Leading through the pressure
Raj reflects that as a team, what came out quite strongly was that the pressure of working remotely and balancing domestic and work responsibilities, was difficult. These were compounded by needing to run additional scenario analysis and sensitivities and finalise year-end reporting as a finance team, in addition to meeting all other requirements.
“What was important for me as a leader was to maintain close contact with my team, check-in frequently, and not always talk about work but to listen to how the team were coping with their own personal challenges. This was deliberate during a time where the line between private and work time began to ‘blur’” says Raj.
As a company, Attacq was proactive in providing additional leave. The decision considered that many employees had to adjust their day-to-day lives and the break allowed them the space to pause, reflect and come back rested into the virtual workplace.
“On a case by case basis, we availed counsellors. Some people were faced with the struggle of juggling work with personal life, others were grappling with financial hardship as spouses were out of work or had businesses that were not able to trade, so we supported where needed,” he explains.
New market trends
Raj observes that trends such as click and collect and online retail have been accelerating through Covid-19, acting as a catalyst for retailers to offer online channels and to service their shoppers differently.
“From an office workplace perspective, we saw some trends emerging prior to Covid-19 with flexible and co-working spaces gaining traction. I personally believe that a hybrid model, as opposed to a pure work-from-home model is a better solution for businesses. We forget how important it is for most businesses that colleagues collaborate with each other. Virtual meetings can only take you so far, but creativity stems from positive energy, and that comes from physical interactions which can be done so responsibly by taking the right precautions. Currently a number of large employers have different views on the future working arrangements – we continue to stay close to our clients and monitor global trends as well,” notes Raj.
He explains that Attacq is strategically focusing on capital structure and liquidity through the levers that the company has control over; like delivering on some of the property disposals it has earmarked. “The company is also ensuring that it is allocating capital in the right places as it becomes much scarcer and refinancing the group’s debt to a more balanced maturity profile, says Raj.

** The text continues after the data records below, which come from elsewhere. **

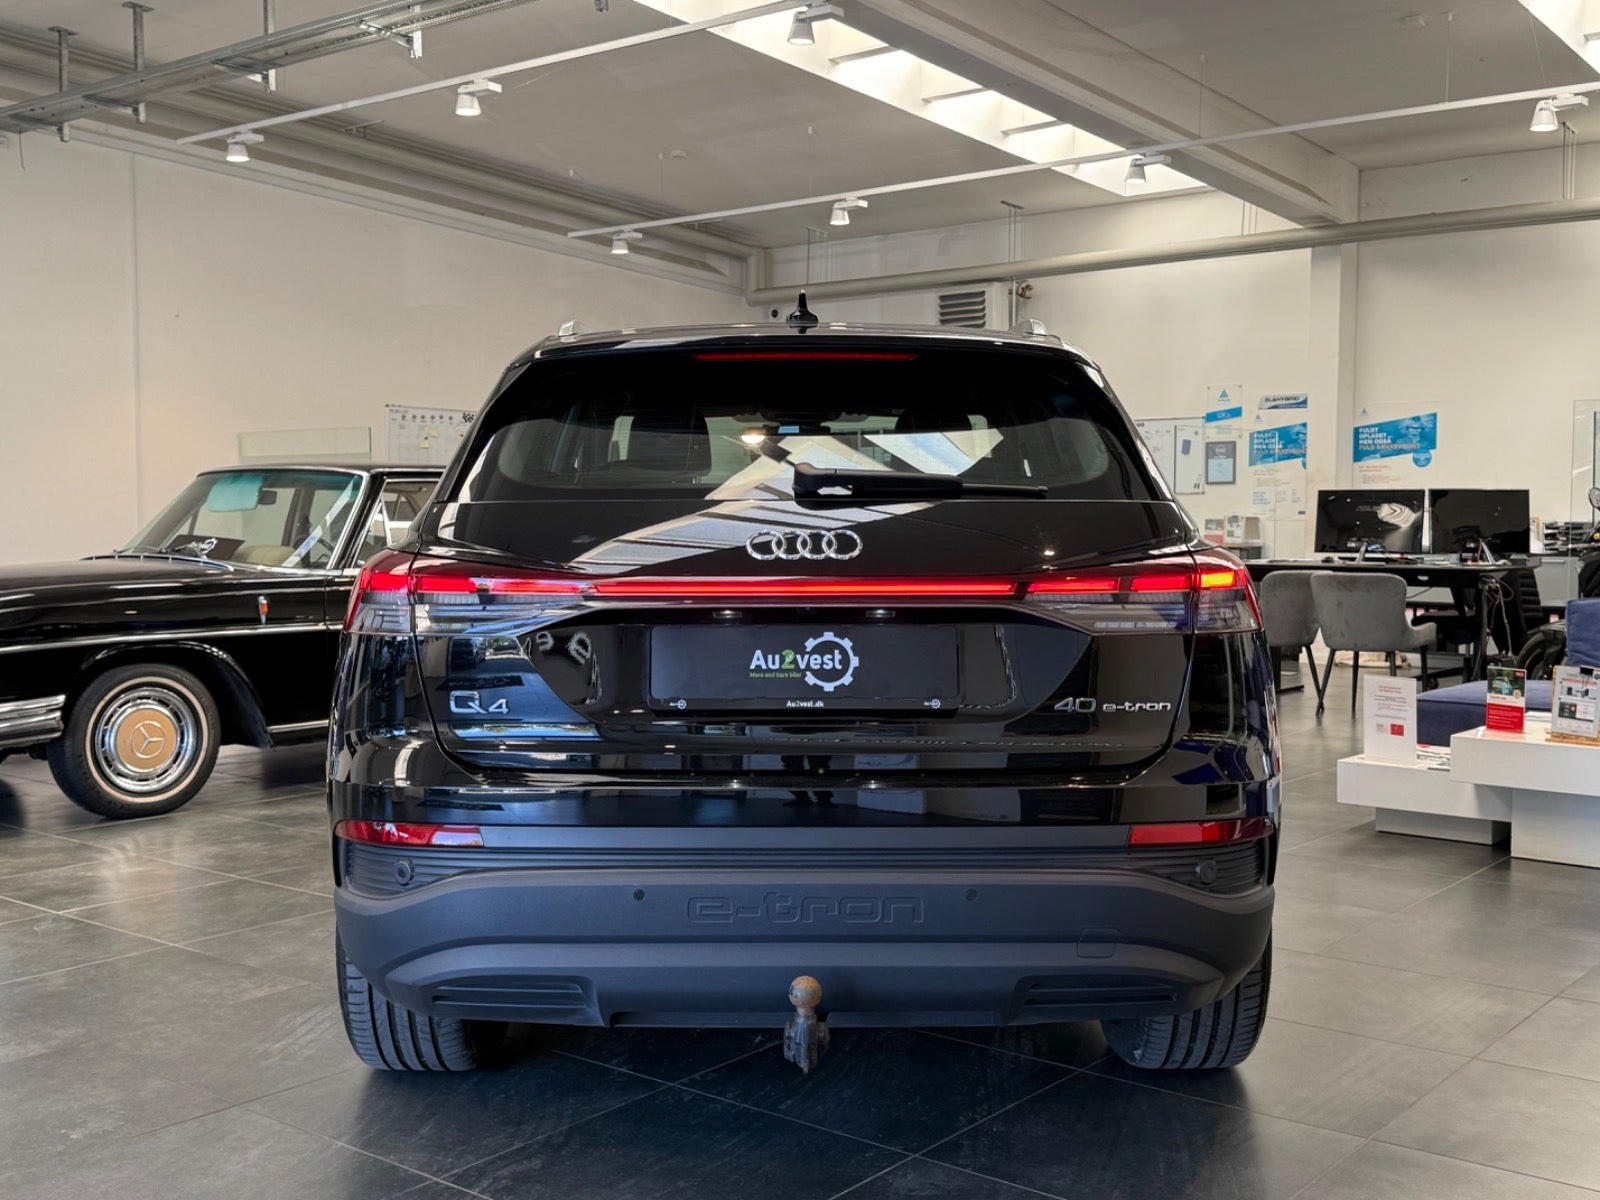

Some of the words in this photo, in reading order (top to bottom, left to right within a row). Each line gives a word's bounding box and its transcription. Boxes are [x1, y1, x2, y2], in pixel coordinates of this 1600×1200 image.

[750, 649, 842, 670] Au2vest
[786, 700, 825, 708] Au2vest.dk
[1054, 697, 1097, 712] 40
[1102, 701, 1171, 712] e-tron
[687, 892, 924, 923] e-tron

Now a few months into the pandemic, he says there is still a lack of visibility on what the real impact of Covid-19 will be on the economy in the longer term. Raj says Attacq’s South African portfolio is well diversified across sectors and this has bode them well during the pandemic, with their portfolio including iconic assets such as the PwC Tower, the newly completed Deloitte head office building, and the Mall of Africa.

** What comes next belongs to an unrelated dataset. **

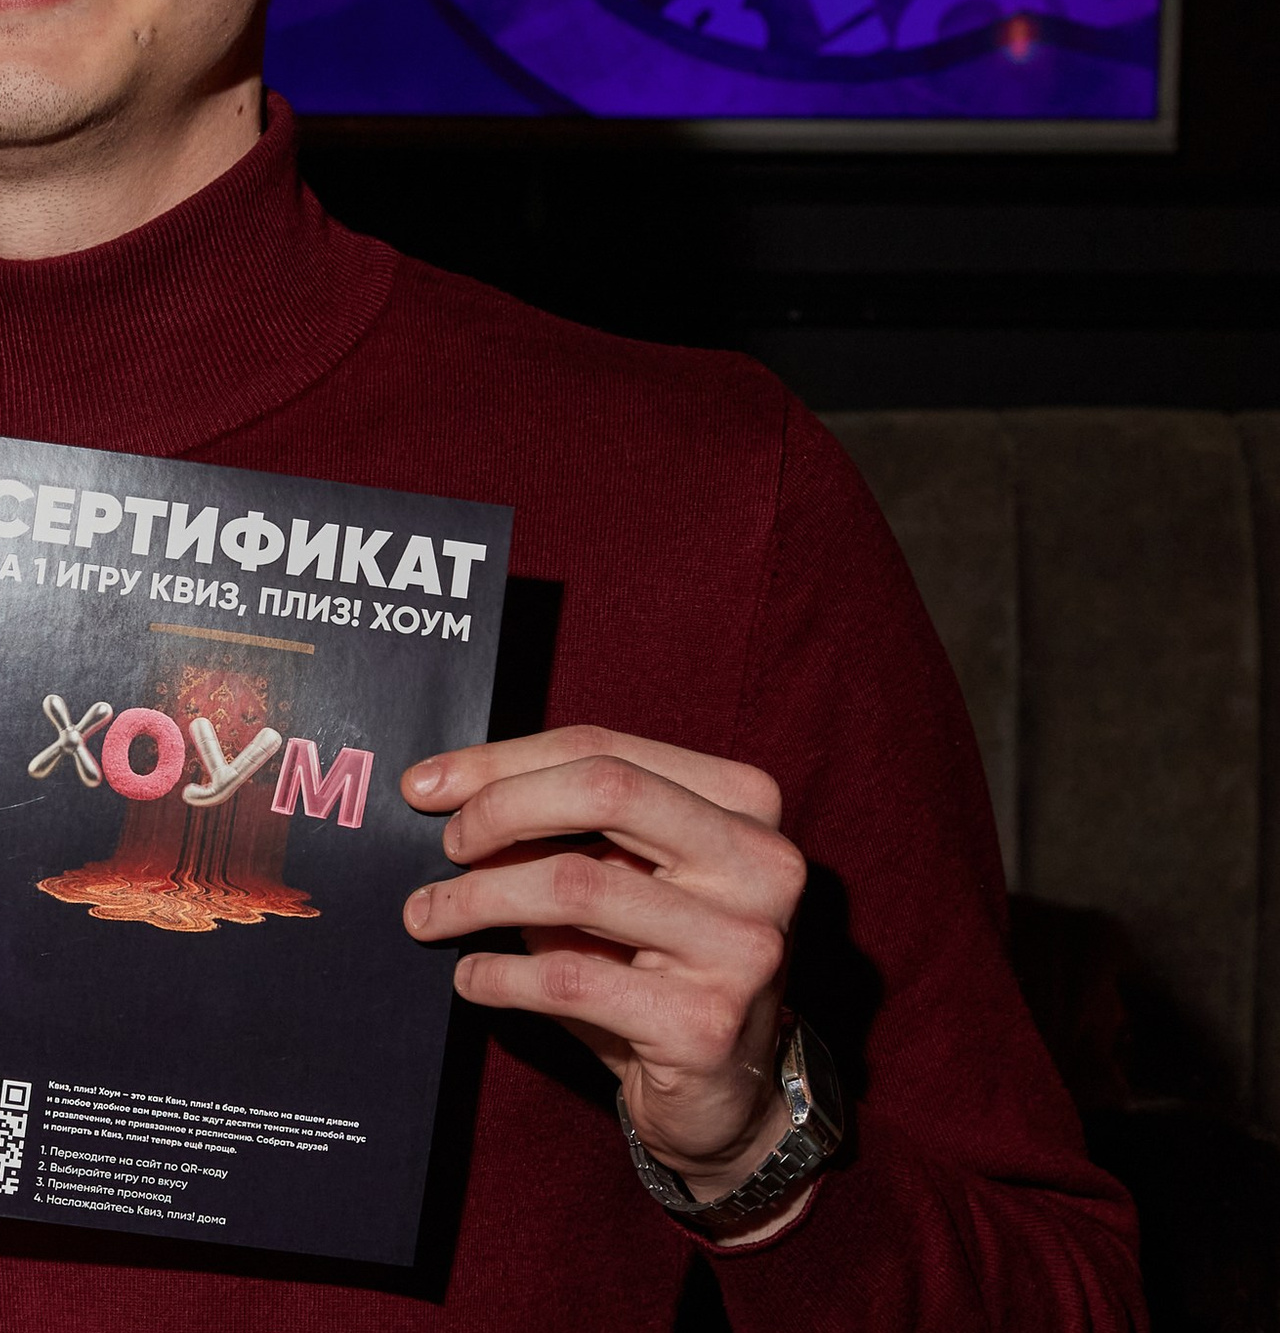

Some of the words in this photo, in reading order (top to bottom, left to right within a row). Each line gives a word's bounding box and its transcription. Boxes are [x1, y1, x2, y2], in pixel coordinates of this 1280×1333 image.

The Waterfall development is where their focus is. “Waterfall in unique in that we are developing a smart city located between Sandton and Pretoria. Its anchored by Mall of Africa and over recent years it has become the home to a number of domestic and global firms. We are particularly excited by our Ellipse residential development with phase 1 well under way and due for completion next year. The Waterfall logistics precinct has attracted many businesses looking to develop their logistics and distribution centres in the centre of Gauteng with easy access off the N1 and flexible development and leasing options.” he concludes.